His grimmest thoughts recall those of’ Schumpeter a half-century ago. Schumpeter noted that during the next long wave of capitalist development the United States would be able to support millions of people on the dole, but that the economic, social and political costs might prove unacceptable. Writing toward the end of that long wave, Hobsbawm reasonably questions the ability of the economy to sustain even the economic cost of so vast a crime against humanity. That is, he raises sharply the question of just how much “welfare” the best-devised mixed economy and welfare state can afford. His nightmare is that the rich countries will find the poor countries economically “uninteresting” and decide to let them rot. And he notes that those who rot may well acquire nuclear weapons with which to express their unhappiness about rotting. And no less ominously he worries that those same advanced societies may find their own poor also uninteresting and condemn also them to rot. Hobsbawm serves up no panaceas; but he does define the problem with penetrating clarity and he does suggest that any solution, from the most humane to the least humane, will probably have to be worked out within the contours of a mixed economy in a world of irreversible economic integration and, paradoxically, of continued nation-state tensions.
Hobsbawm has often been charged, with some justification, with slighting the power and the persistence of nationalism, but his thoughtful formulations require much more careful attention than the critics normally offer. In his new book, he suggests that any solutions to the problems posed by an irreversible worldwide economic integration will have to lie in worldwide political integration. Astutely he notes that international big business could live easily with a plethora of small, weak nation-states. It would seem to follow, therefore, that only a supra-national political organization could make the economic establishment socially responsive. He may be only half-right. Under the actual conditions of world politics, the nationalist drives throughout the world, notwithstanding the risk of a descent into destructive tribalisms, may offer the only basis for resistance to the worldwide domination of big capital cut loose from social moorings.
Hobsbawm’s sniping at America’s intervention in the Persian Gulf, and at George Bush’s clumsy assertion of a New World Order, does not prove helpful. Unlike most leftist critics, he takes a sober view of the mounting danger of nuclear, chemical and biological war in an era freed from the control of rival superpowers. But does not the responsibility for preventing the explosion of regional, continental and world wars fall upon a few powerful states, led by the United States? If so, the problems posed by the explosion of nationalism and the power of nation-states may be transformed drastically, but they are not likely to be overcome in the foreseeable future.

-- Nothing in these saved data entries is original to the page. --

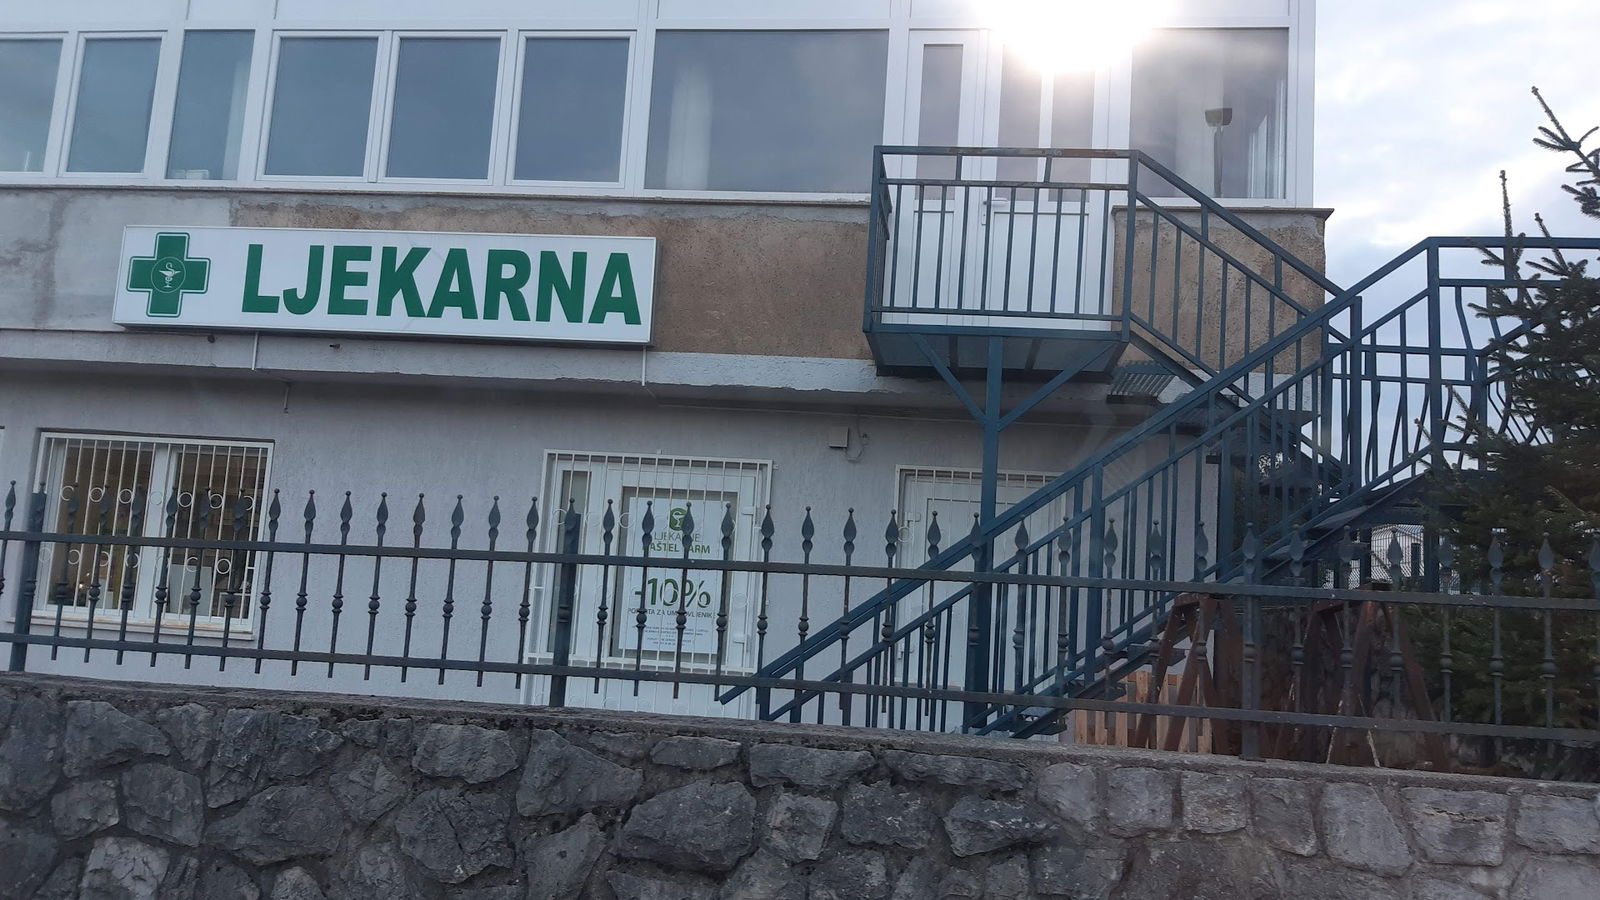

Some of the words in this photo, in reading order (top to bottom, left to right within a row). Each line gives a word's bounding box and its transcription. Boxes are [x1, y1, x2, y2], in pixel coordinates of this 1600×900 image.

[241, 243, 642, 326] LJEKARNA
[643, 541, 680, 553] AŠTEL
[654, 531, 702, 543] LJEKAE
[634, 577, 711, 609] -10%
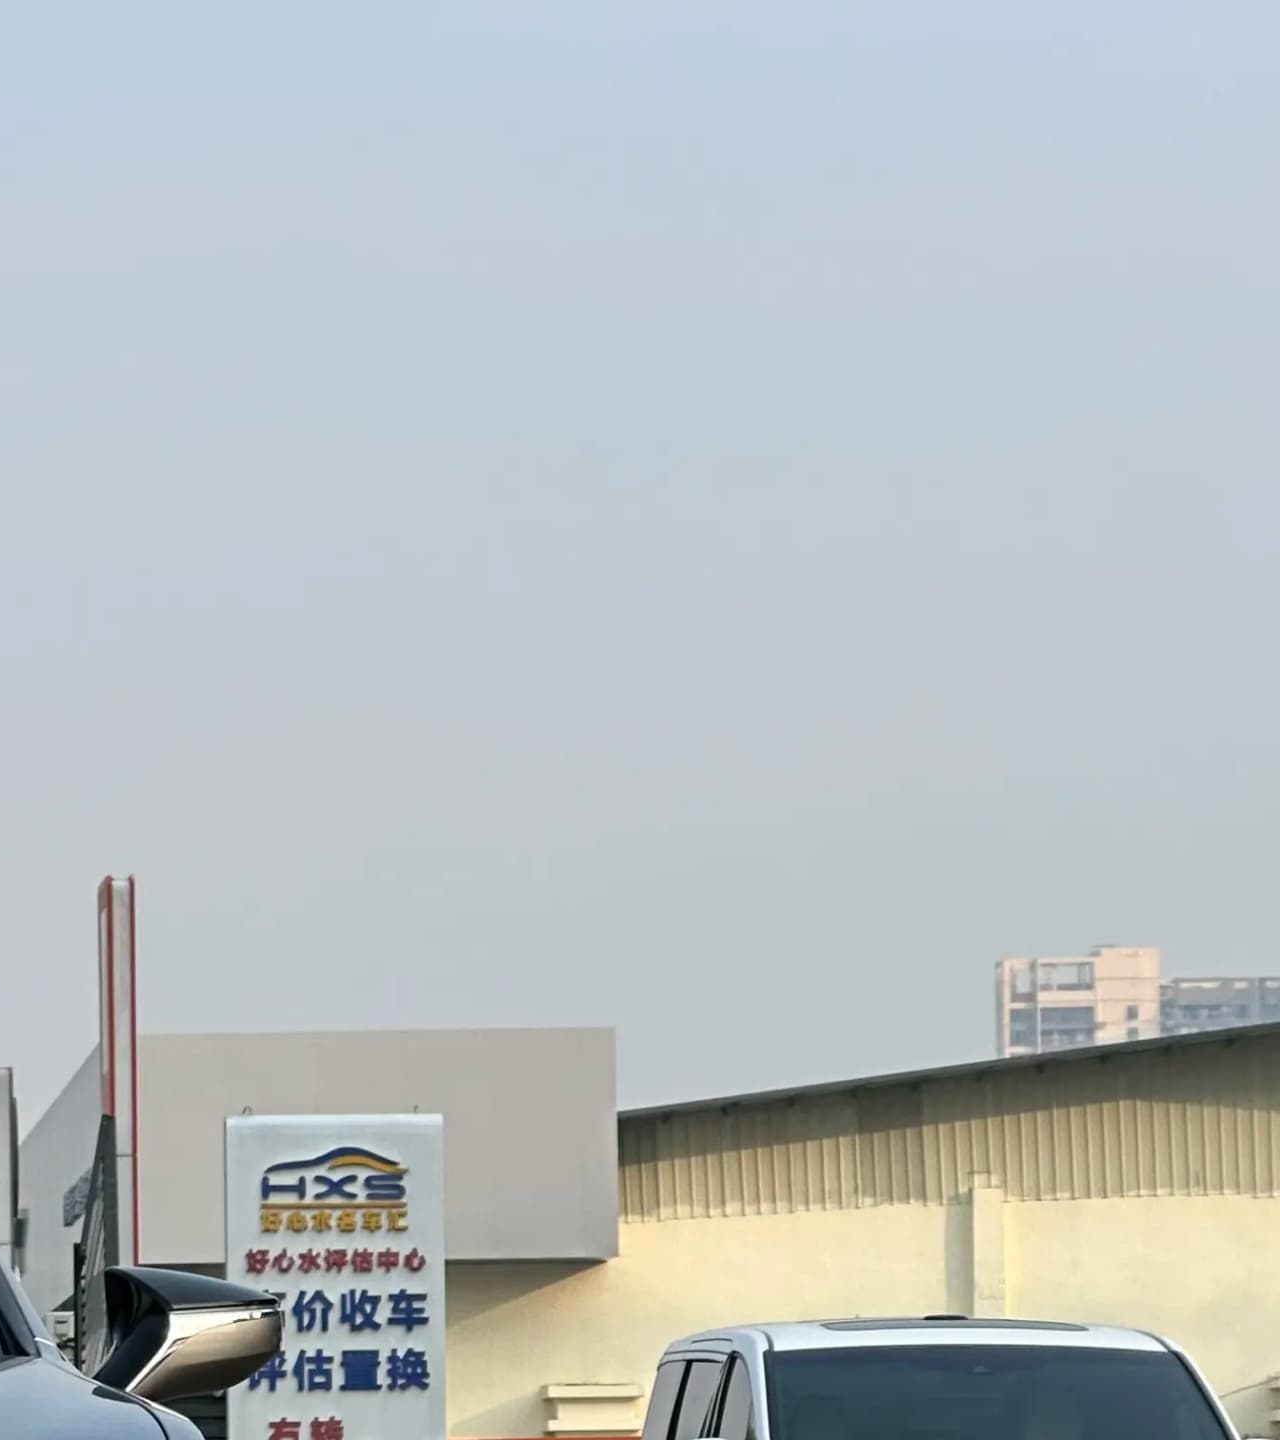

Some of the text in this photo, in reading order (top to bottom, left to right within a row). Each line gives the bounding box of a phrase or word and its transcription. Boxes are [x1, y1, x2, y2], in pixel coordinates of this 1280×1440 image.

[261, 1174, 407, 1200] HXS
[246, 1248, 427, 1273] 好心水评估中心
[263, 1289, 429, 1332] 价收车
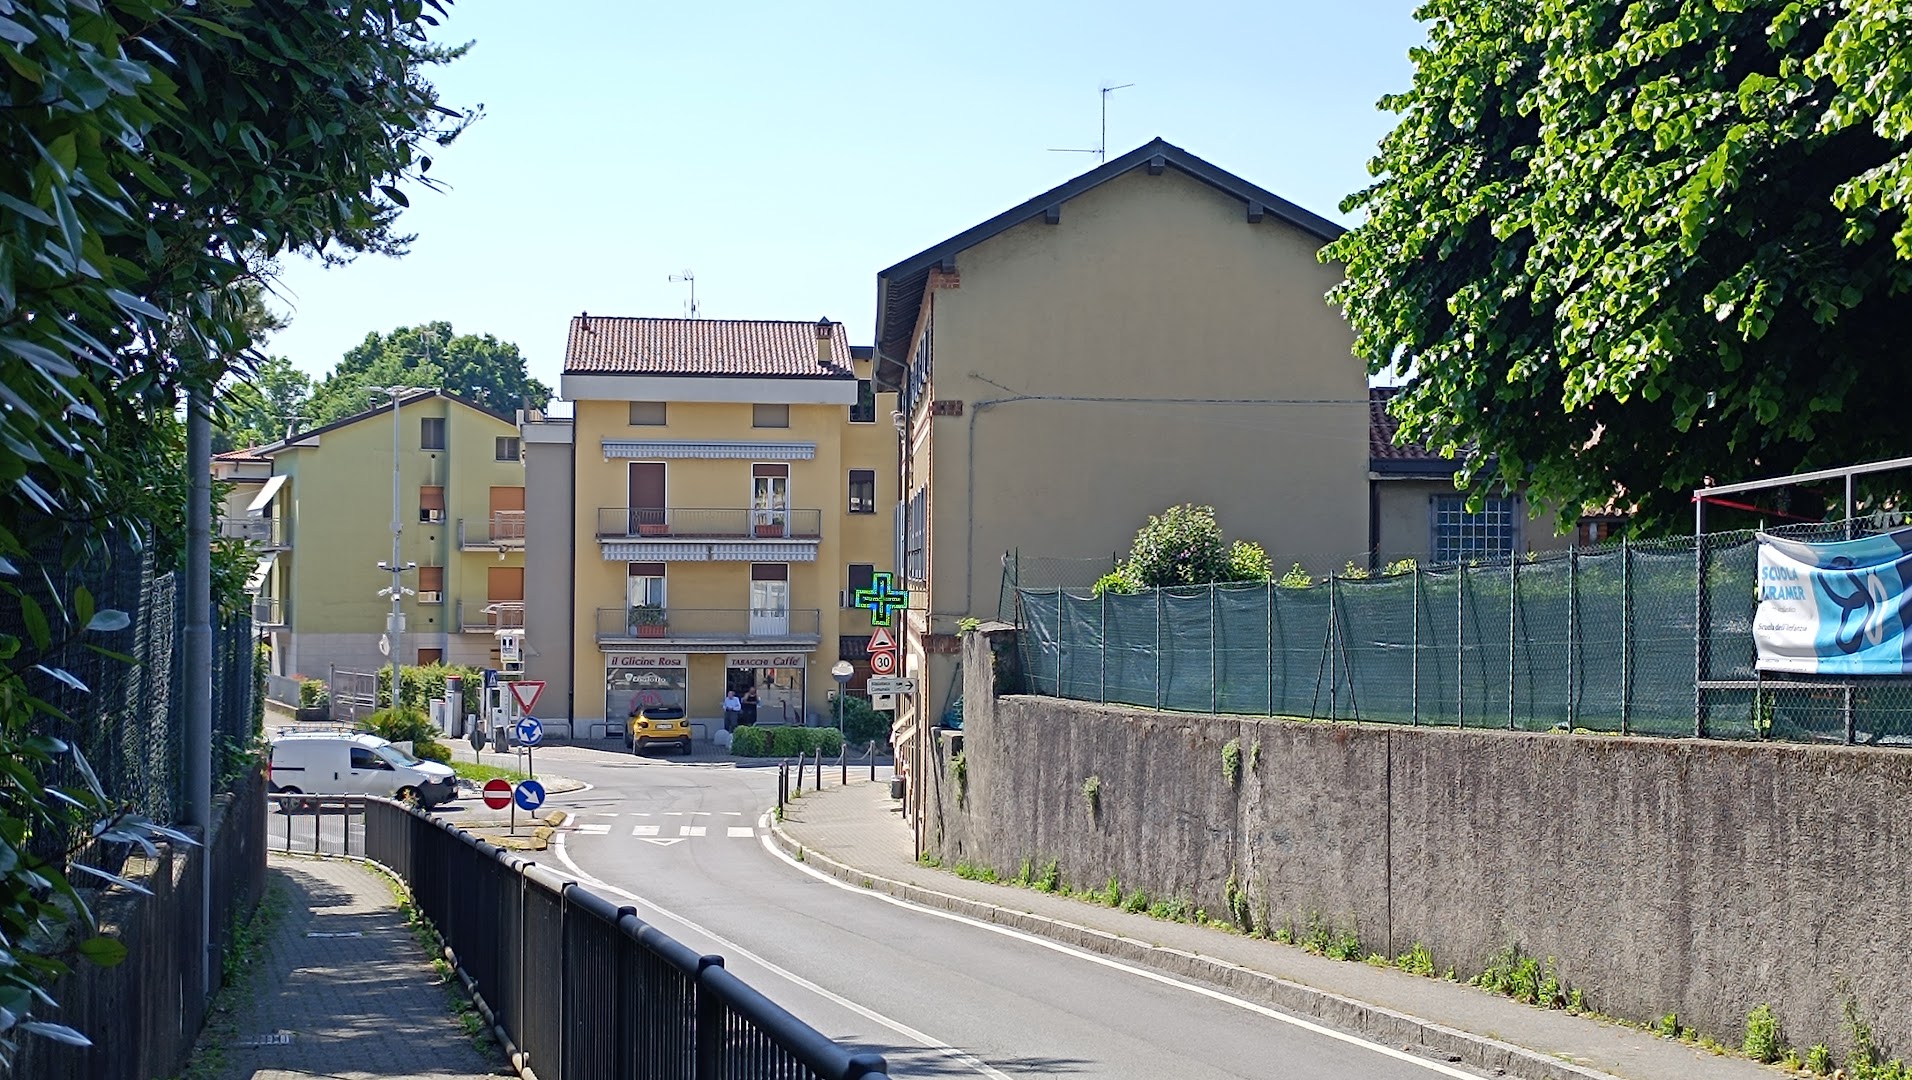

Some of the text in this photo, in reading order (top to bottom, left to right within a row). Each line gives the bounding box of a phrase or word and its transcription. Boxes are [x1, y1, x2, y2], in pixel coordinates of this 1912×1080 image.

Eric Hobsbawm is one of the few genuinely great historians of our century. He is also the one genuinely great historian to come out of the Anglo-American Marxist left. I admit to my prejudice. He has been the strongest influence on my own work as a historian, and in 1979 1 dedicated a book on black slave revolts to “Eric Hobsbawm: Our Main Man.” I have made a great many mistakes in my life,, but reading and rereading Hobsbawm’s powerful new book I am relieved to see that I got at least that much right.